Cela étant dit, à travers tout cet ennui, nous pouvons observer quelques bons traits. « On peut bien tirer de la fierté de notre ouvrage, et se convaincre que les honneurs sont mérités; la vérité, c'est que ce choix qu'on a fait n'en est pas un, et qu'on ne se rabat toujours que sur les choses qui nous permettent de rester en vie. » (p. 251) Ou encore : « le travail [...] était un écran qui s'érige entre l'individu et le monde, un filtre déformant à travers lequel chaque fragment de la réalité acquiert une valeur puis est désintégré. » Les meilleures scènes sont assurément celles où le narrateur décrit sa vie à la campagne. La fin me laisse profondément mitigé. La quête du sens, peuplée de peurs et d'angoisses, est une recherche sans fin et intime? le réconfort est temporaire?

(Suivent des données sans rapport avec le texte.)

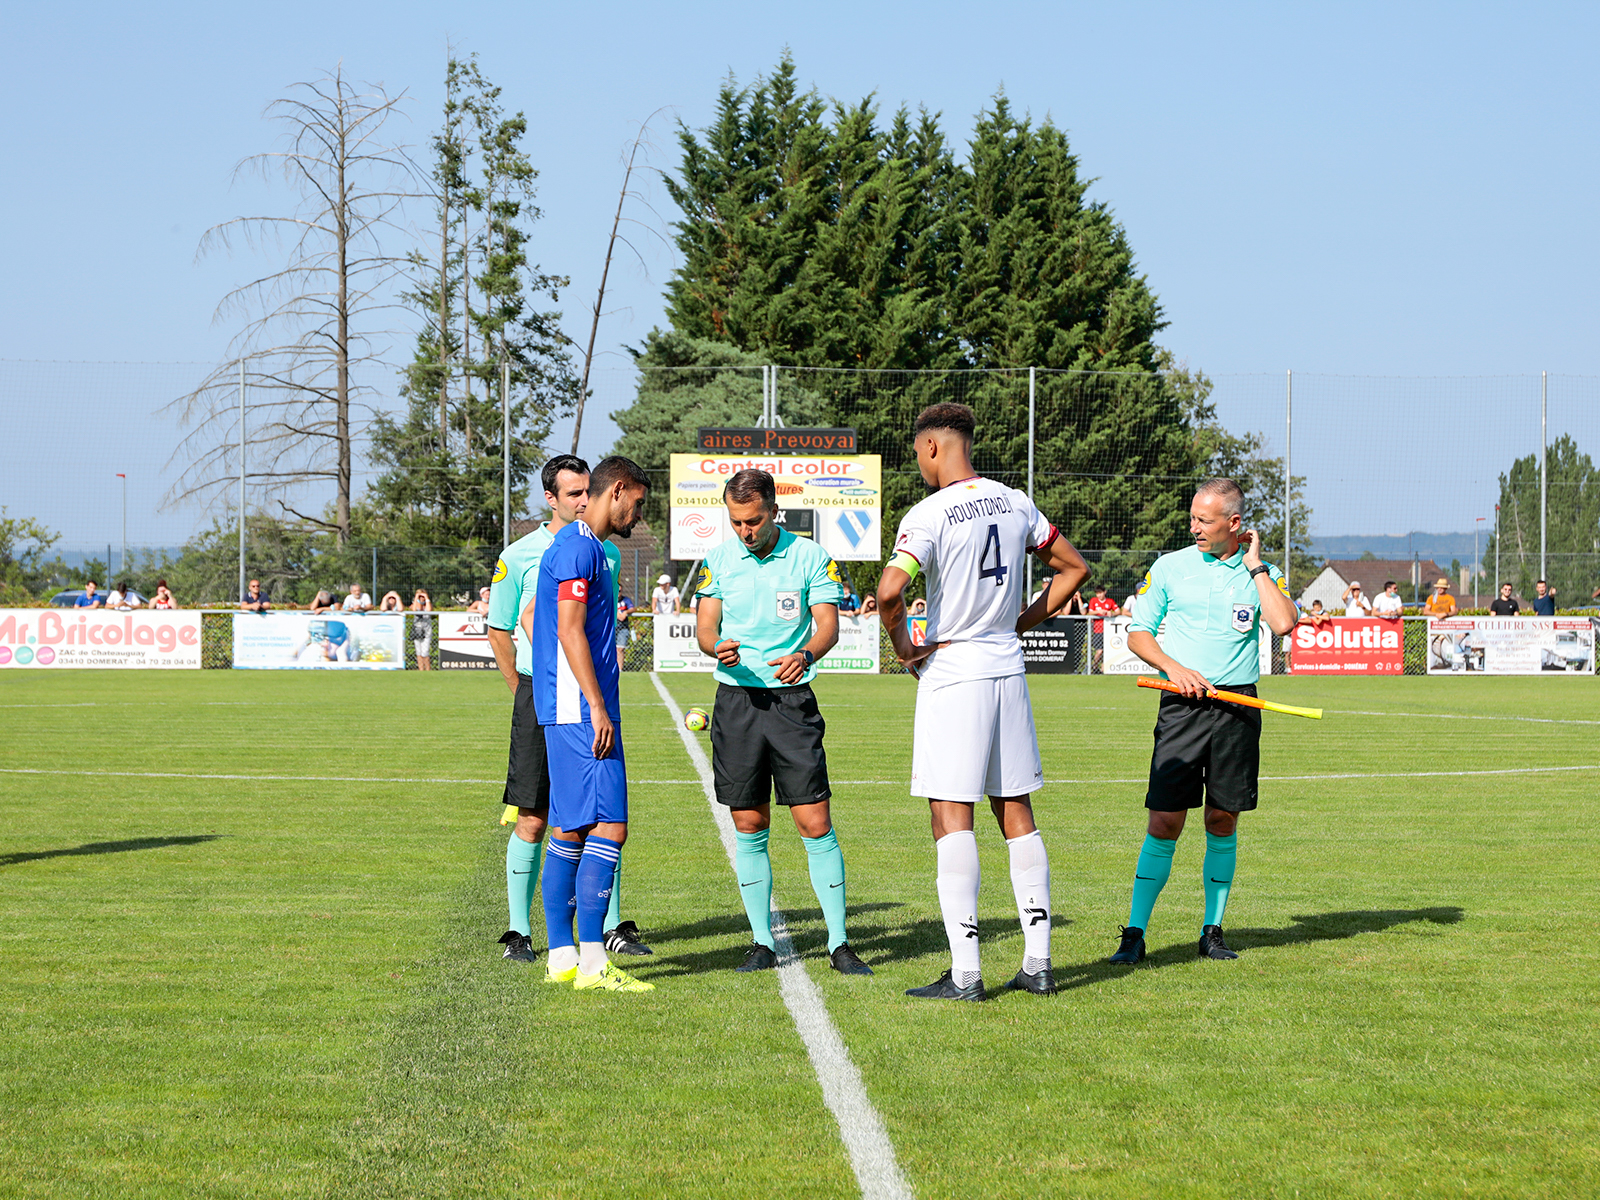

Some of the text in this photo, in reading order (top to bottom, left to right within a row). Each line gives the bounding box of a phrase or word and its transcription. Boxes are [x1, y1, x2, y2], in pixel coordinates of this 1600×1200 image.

[700, 431, 752, 448] aires
[700, 459, 851, 475] Central color
[776, 484, 804, 495] tures
[676, 497, 709, 505] 03410
[802, 498, 874, 506] 04 70 64 14 60
[979, 523, 1008, 587] 4
[571, 580, 585, 598] C
[1477, 621, 1527, 630] CELLIERE
[1532, 621, 1550, 630] SAS
[1296, 625, 1398, 648] Solutia
[823, 660, 871, 668] 09 83 77 04 52
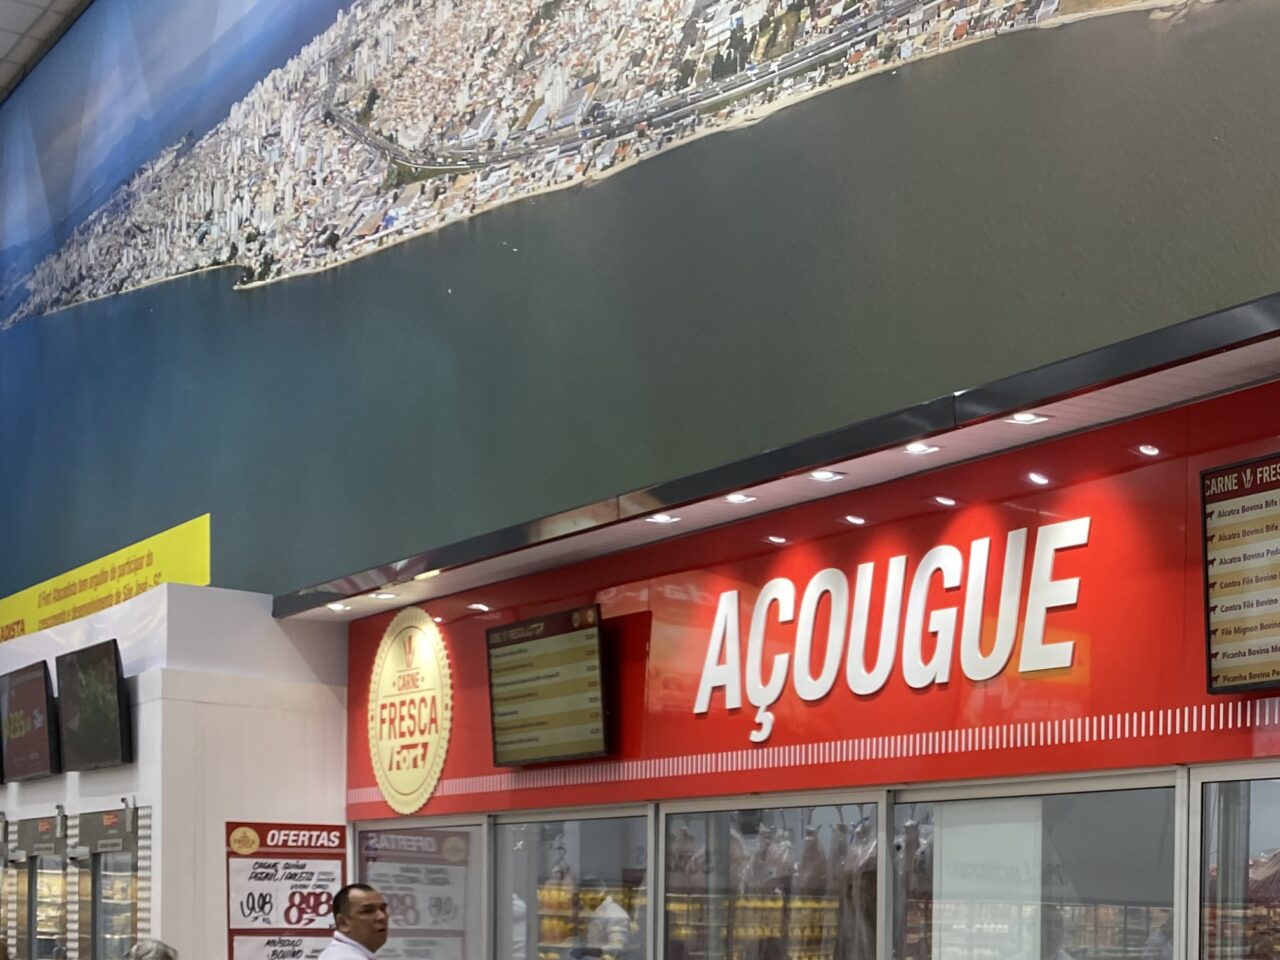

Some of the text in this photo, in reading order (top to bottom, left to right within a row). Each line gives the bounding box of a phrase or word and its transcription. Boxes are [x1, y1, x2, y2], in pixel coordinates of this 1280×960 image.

[1217, 508, 1240, 518] Alcatra
[1241, 501, 1263, 514] Bovina
[1265, 497, 1278, 508] Bife
[1218, 532, 1241, 543] Alcatra
[1242, 526, 1264, 538] Bovina
[1265, 522, 1279, 533] Bife
[1219, 555, 1241, 566] Alcatra
[1242, 550, 1265, 562] Bovina
[1220, 579, 1241, 590] Contra
[1255, 572, 1278, 584] Bovino
[1220, 603, 1242, 613] Contra
[1255, 596, 1278, 608] Bovino
[693, 516, 1091, 743] AÇOUGUE
[1234, 623, 1258, 636] Mignon
[1222, 650, 1247, 660] Picanha
[1248, 646, 1270, 657] Bovina
[398, 672, 420, 691] CARNE
[1222, 673, 1247, 683] Picanha
[1248, 669, 1271, 680] Bovina
[379, 695, 439, 741] FRESCA
[266, 829, 341, 847] OFERTAS

Mario Vargas Llosa dans son Éloge de la lecture et de la fiction parle de la lecture comme une forme de protestation « contre les insuffisances de la vie ». J'ai l'impression que le fond des choses me ramène trop allègrement vers ces insuffisances. Si j'avais eu plus de plaisir à lire ce roman, j'aurais sans doute su savourer davantage la pensée de l'auteur.